There are a number of ways Policy as Code can help govern and oversee AI-generated code.
Code Quality & Maintainability
- Complexity Limits: Automatically enforce maximum cyclomatic and cognitive complexity thresholds to prevent AI from generating unmaintainable “spaghetti code”
- Naming Convention Compliance: Ensure AI-generated code follows your organization’s naming standards for variables, functions, and classes
- Documentation Standards: Enforce proper commenting and documentation for AI-generated functions and classes to ensure future maintainability
Security & Compliance
- Secure Defaults: Verify that AI-generated code uses secure default configurations and avoids leaving in temporary code for local testing
- Sensitive Data Handling: Ensure that encryption, logging, authorization, classification, and overall data handling and integrations are aligned with company expectations
- Continuous Compliance: Ensure that compliance frameworks, new contracts, upcoming regulations, product requirements, and other needs are brought to the attention of developers while features and fixes are occurring in that part of the code base to reduce rework and overhead, and optimize cognitive load
Architectural Standards & Resilience
- Approved Components: Ensure the appropriate use of existing/internal packages, services, or design or architectural patterns to improve consistency and avoid sprawl.
- Domain Model Adherence: Verify that AI-generated code correctly implements your domain model and business rules
- Observability Standards: Require implementation of proper metrics, logging, and tracing according to your observability strategy
- Resilience Patterns: Ensure implementation of circuit breakers, retries, and other resilience patterns according to your standards
Feedback & Continuous Improvement
- Continuous Improvement: Identify opportunities to continuously improve code bases as they’re touched, such as revising comments to ensure they’re still accurate, re-aligning code with recent company decisions, or identifying opportunities to perform a root cause analysis or blameless postmortem on mistakes or issues with a significant impact.

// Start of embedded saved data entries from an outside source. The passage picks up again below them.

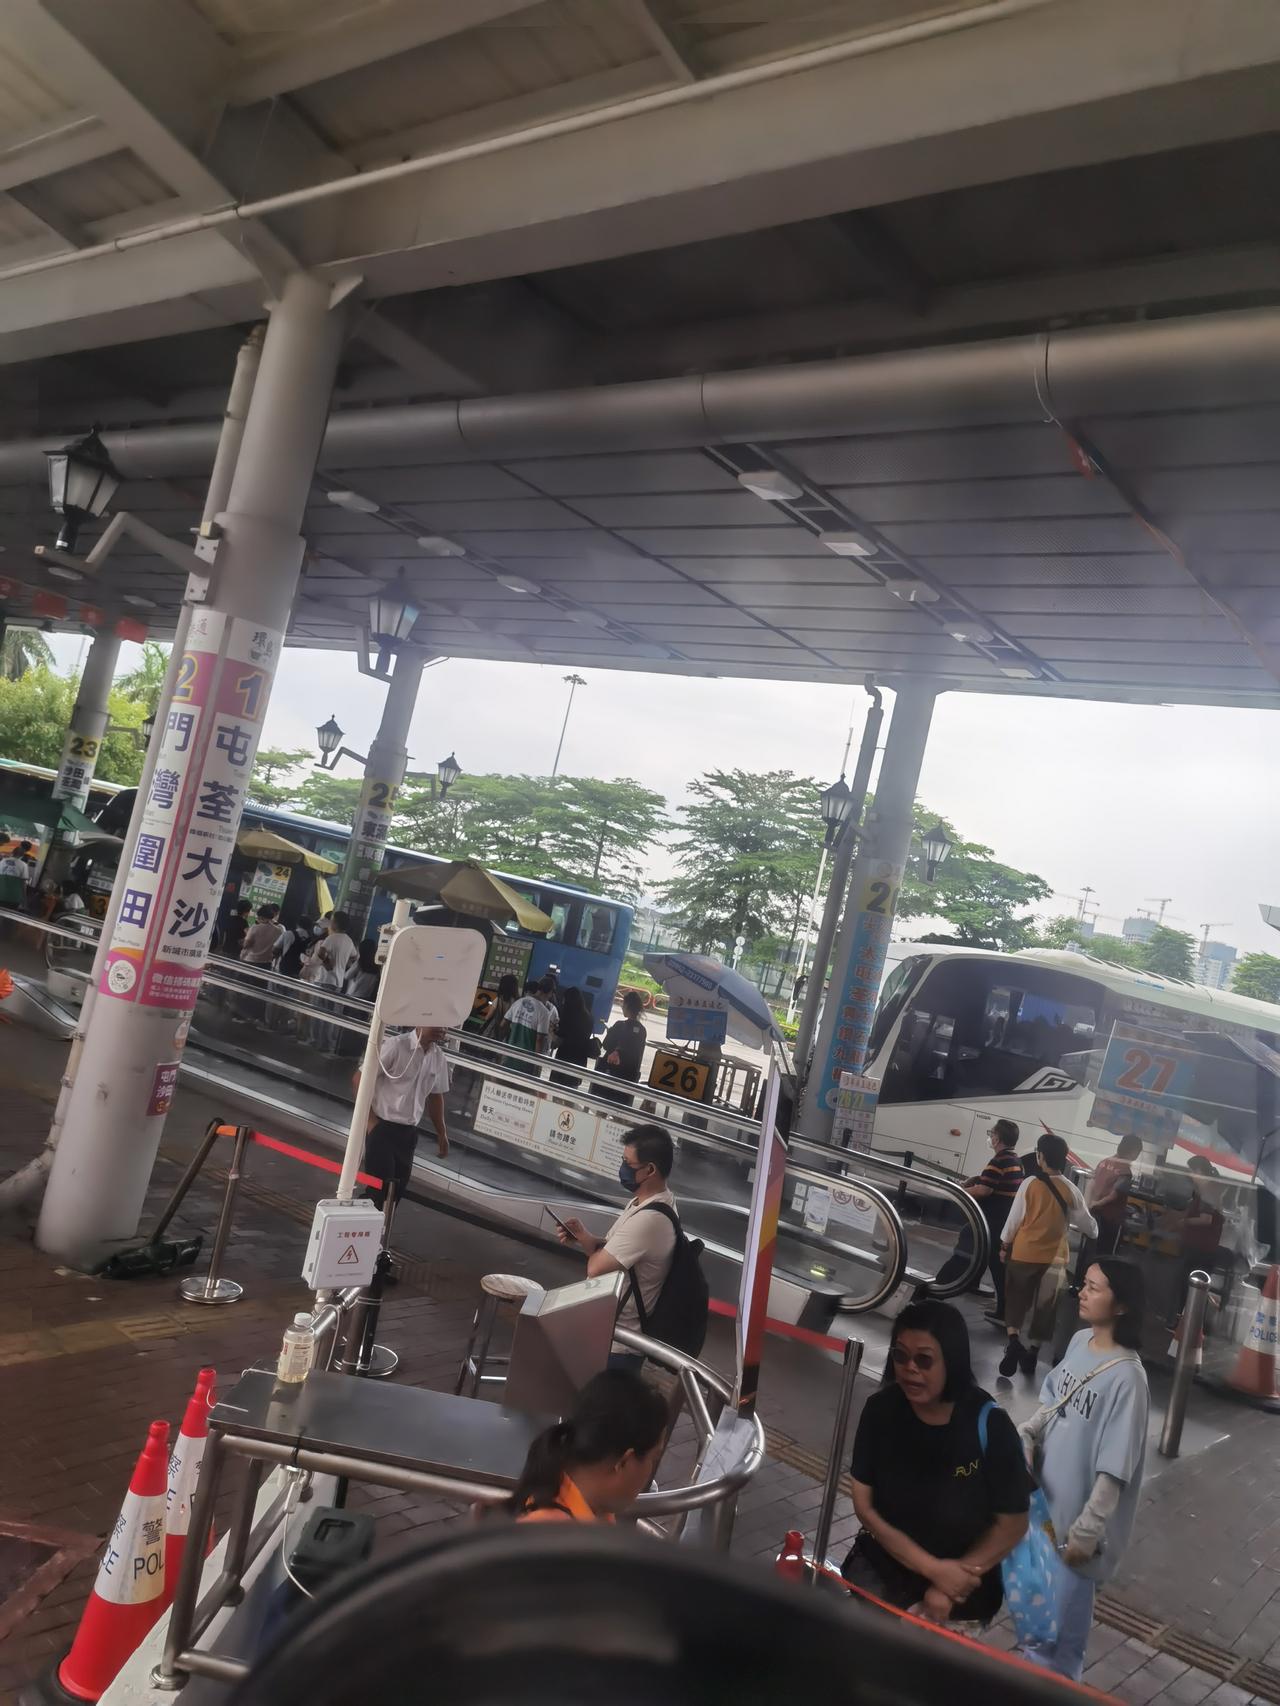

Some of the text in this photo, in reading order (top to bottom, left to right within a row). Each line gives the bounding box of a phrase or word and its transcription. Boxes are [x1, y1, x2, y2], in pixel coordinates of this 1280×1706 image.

[172, 654, 198, 701] 2
[235, 671, 264, 720] 1
[70, 738, 98, 758] 23
[659, 1061, 698, 1092] 26
[1116, 1048, 1176, 1097] 27
[954, 1459, 979, 1478] RUN
[142, 1518, 164, 1545] 警

- Policy Effectiveness Metrics: Measure and report on which policies are catching the most issues to focus improvement efforts as well as to feed information back upstream to the policy decision-making process, ensuring better-aligned governance with the real world.

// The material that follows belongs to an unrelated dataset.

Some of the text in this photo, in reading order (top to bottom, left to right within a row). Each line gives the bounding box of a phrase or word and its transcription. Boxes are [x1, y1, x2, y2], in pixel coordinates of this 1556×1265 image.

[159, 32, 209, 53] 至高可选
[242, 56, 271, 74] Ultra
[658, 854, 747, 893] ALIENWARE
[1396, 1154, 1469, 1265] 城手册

- AI Model Feedback Loop: Provide feedback to AI coding assistants based on policy violations to improve future code generation
Automated controls allow you to govern better how your engineers use AI solutions on a daily basis. AI solutions evolve fast (and faster each day that goes by), so, having in place good guardrails at the platform level, will allow you to address security concerns that appear with the usage of agentic solutions and won’t drive your engineers’ evolution back.

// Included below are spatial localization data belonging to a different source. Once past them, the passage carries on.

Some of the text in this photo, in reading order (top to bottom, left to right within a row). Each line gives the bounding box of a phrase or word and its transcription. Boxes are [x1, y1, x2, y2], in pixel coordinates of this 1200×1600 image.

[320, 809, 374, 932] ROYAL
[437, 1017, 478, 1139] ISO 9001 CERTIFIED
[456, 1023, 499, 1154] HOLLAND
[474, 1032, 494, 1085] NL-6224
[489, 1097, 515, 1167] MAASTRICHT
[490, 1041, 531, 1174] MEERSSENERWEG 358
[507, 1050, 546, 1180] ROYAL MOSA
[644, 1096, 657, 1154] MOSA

How does this apply to Cloud Native?
Platform-level, automated controls let engineers move quickly with AI assistants without taking on risks that the responsible engineers aren’t fully informed of. Because policies are code, they evolve at exactly the same speed as the platform changes themselves. This frees developers to stay “in flow,” while the platform quietly blocks unsafe patterns and highlights areas for improvement, no context-switching required.
Deterministic policy engines such as Kyverno and Open Policy Agent (OPA) excel at clear yes/no rules (“No public S3 buckets,” “Image must be signed”). But AI-generated changes frequently blur those lines. While there is no one-click, end-to-end solution for this today, covering that gray area can be done using a layered approach including Deterministic PaC, LLM-based reviews, and Human-in-the-Loop reviews.